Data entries
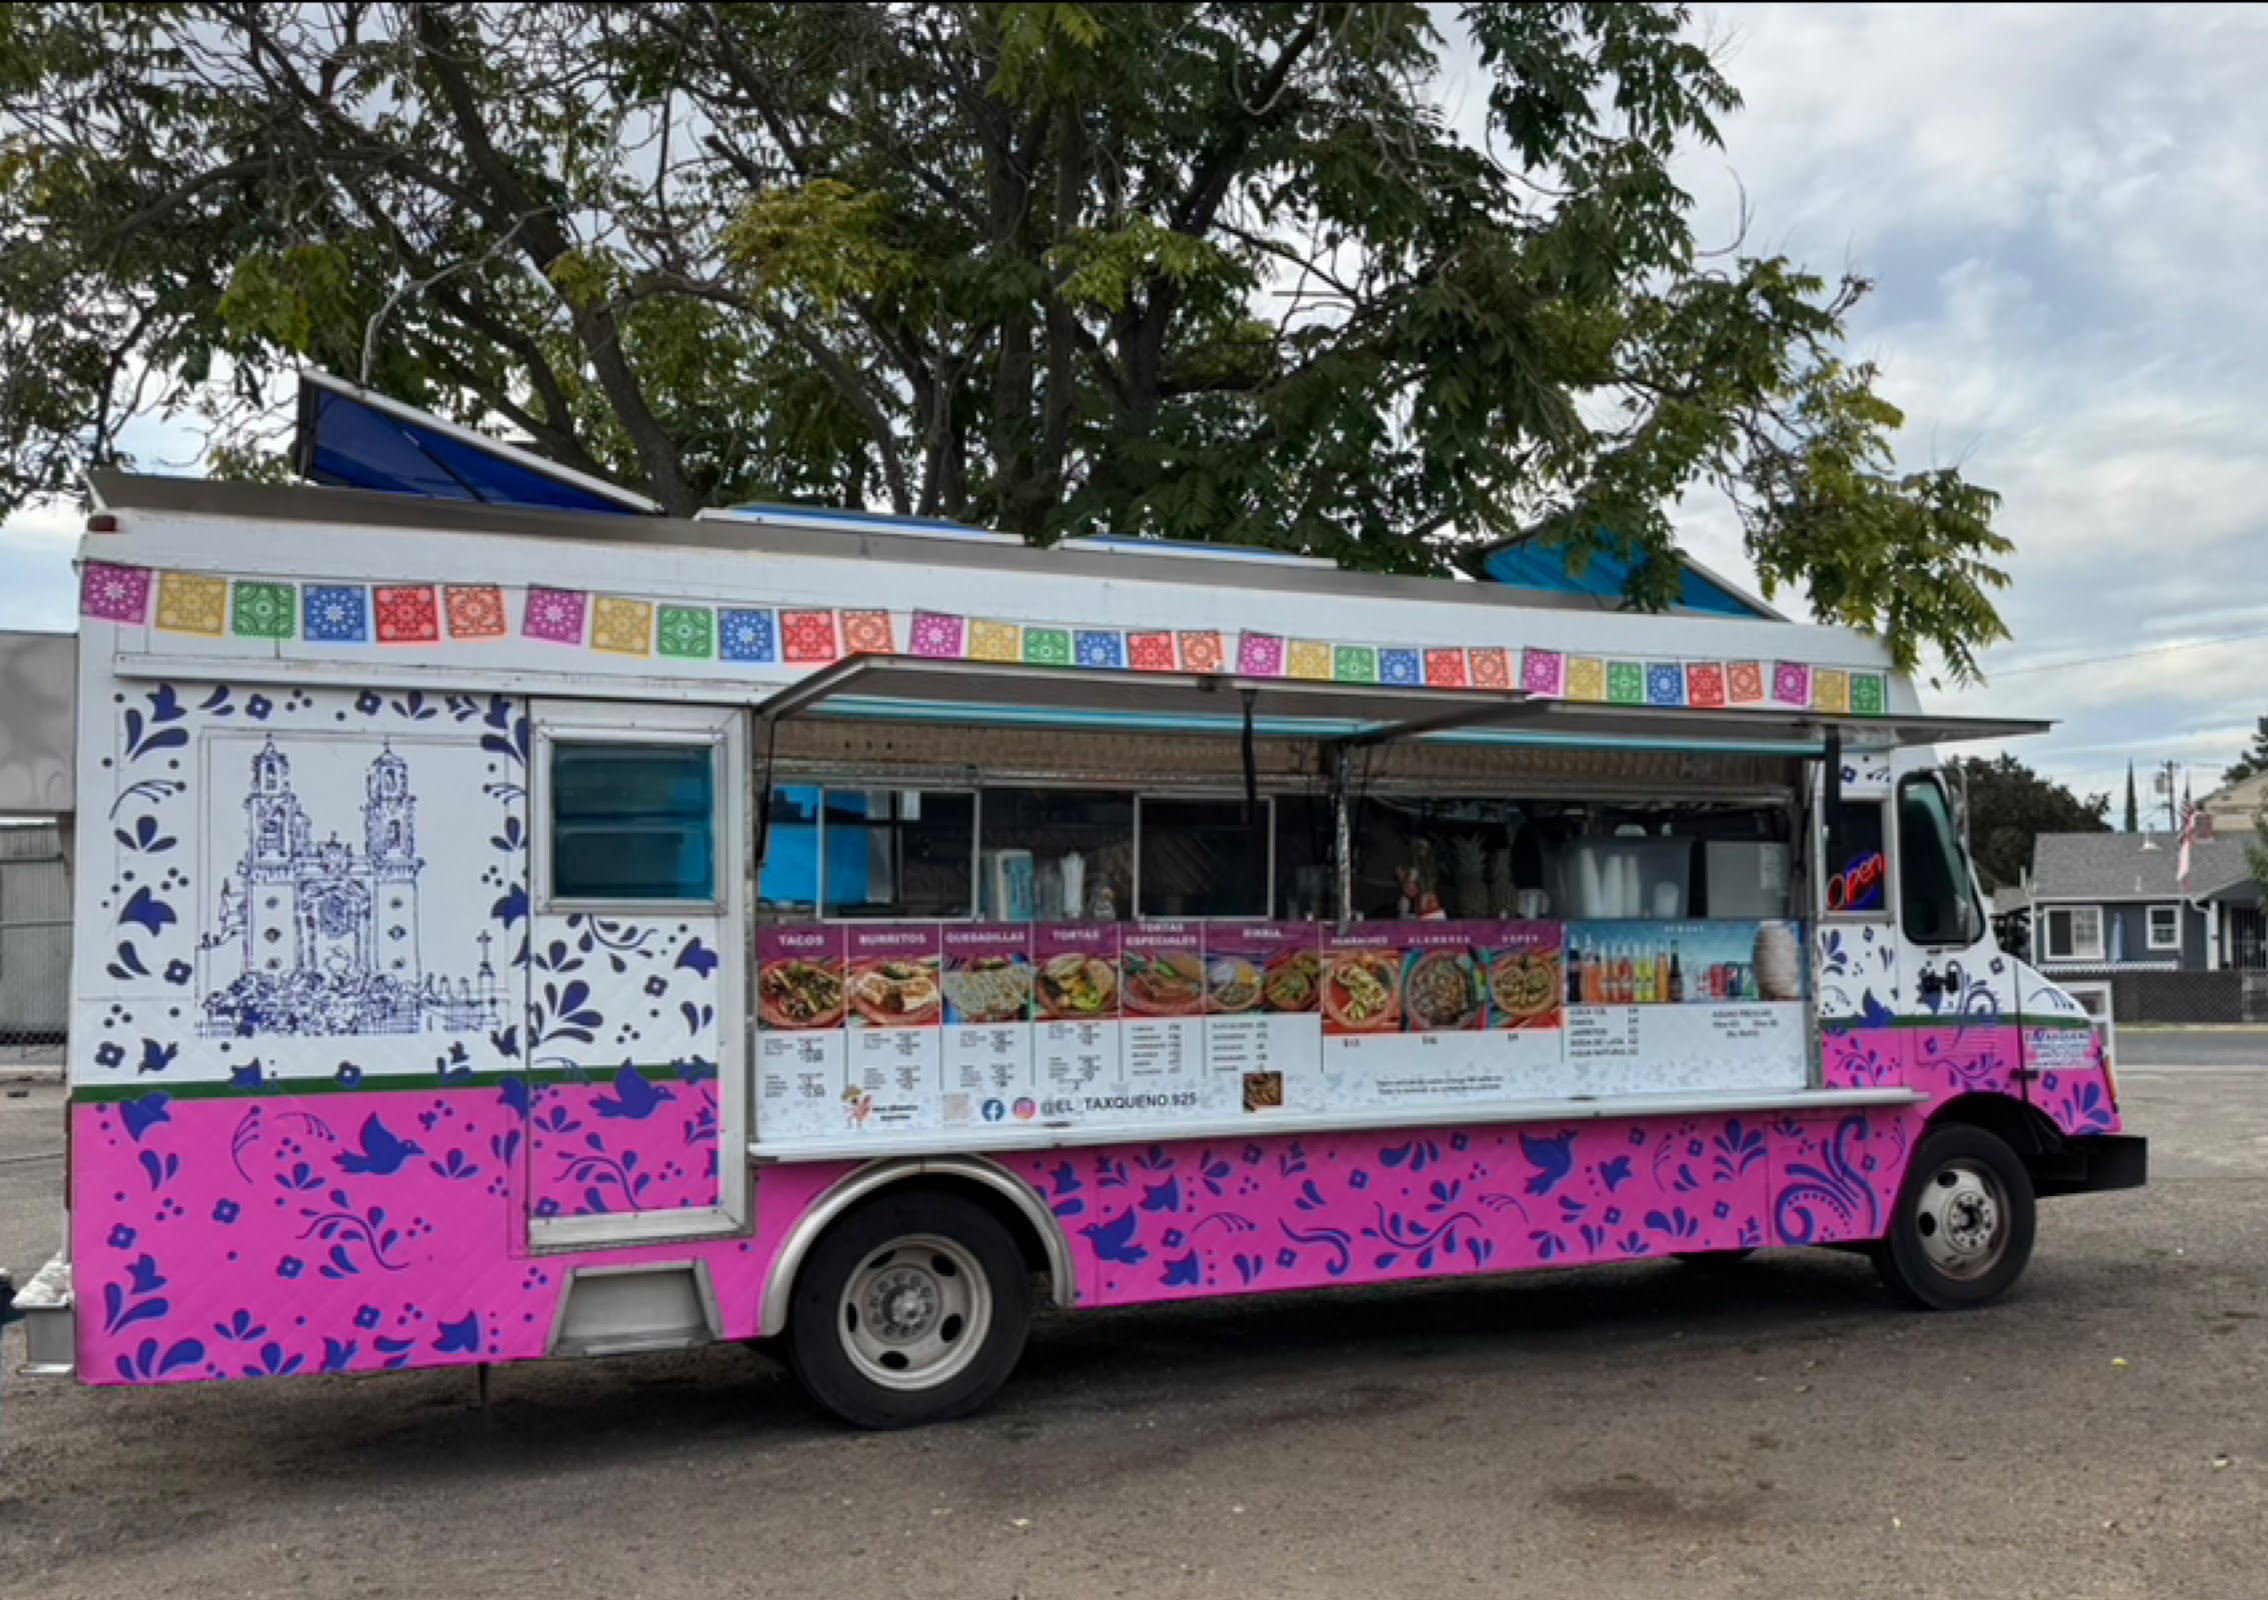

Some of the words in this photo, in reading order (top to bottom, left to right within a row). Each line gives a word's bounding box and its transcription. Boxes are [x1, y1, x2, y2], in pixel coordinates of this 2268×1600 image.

[1827, 852, 1888, 911] Open
[1139, 922, 1185, 933] TORTAS
[1242, 928, 1283, 939] BIRRIA
[778, 934, 825, 947] TACOS
[858, 932, 927, 945] BURRITOS
[944, 931, 1026, 944] QUESADILLAS
[1052, 929, 1101, 941] TORTAS
[1125, 935, 1198, 947] ESPECIALES

§ **PROBLEM TO SOLVE**
All of the lines above must be printed again exactly, and no picture may appear in the copy.

§ **EXPECTED ANSWER**
Some of the words in this photo, in reading order (top to bottom, left to right within a row). Each line gives a word's bounding box and its transcription. Boxes are [x1, y1, x2, y2], in pixel coordinates of this 2268×1600 image.

[1827, 852, 1888, 911] Open
[1139, 922, 1185, 933] TORTAS
[1242, 928, 1283, 939] BIRRIA
[778, 934, 825, 947] TACOS
[858, 932, 927, 945] BURRITOS
[944, 931, 1026, 944] QUESADILLAS
[1052, 929, 1101, 941] TORTAS
[1125, 935, 1198, 947] ESPECIALES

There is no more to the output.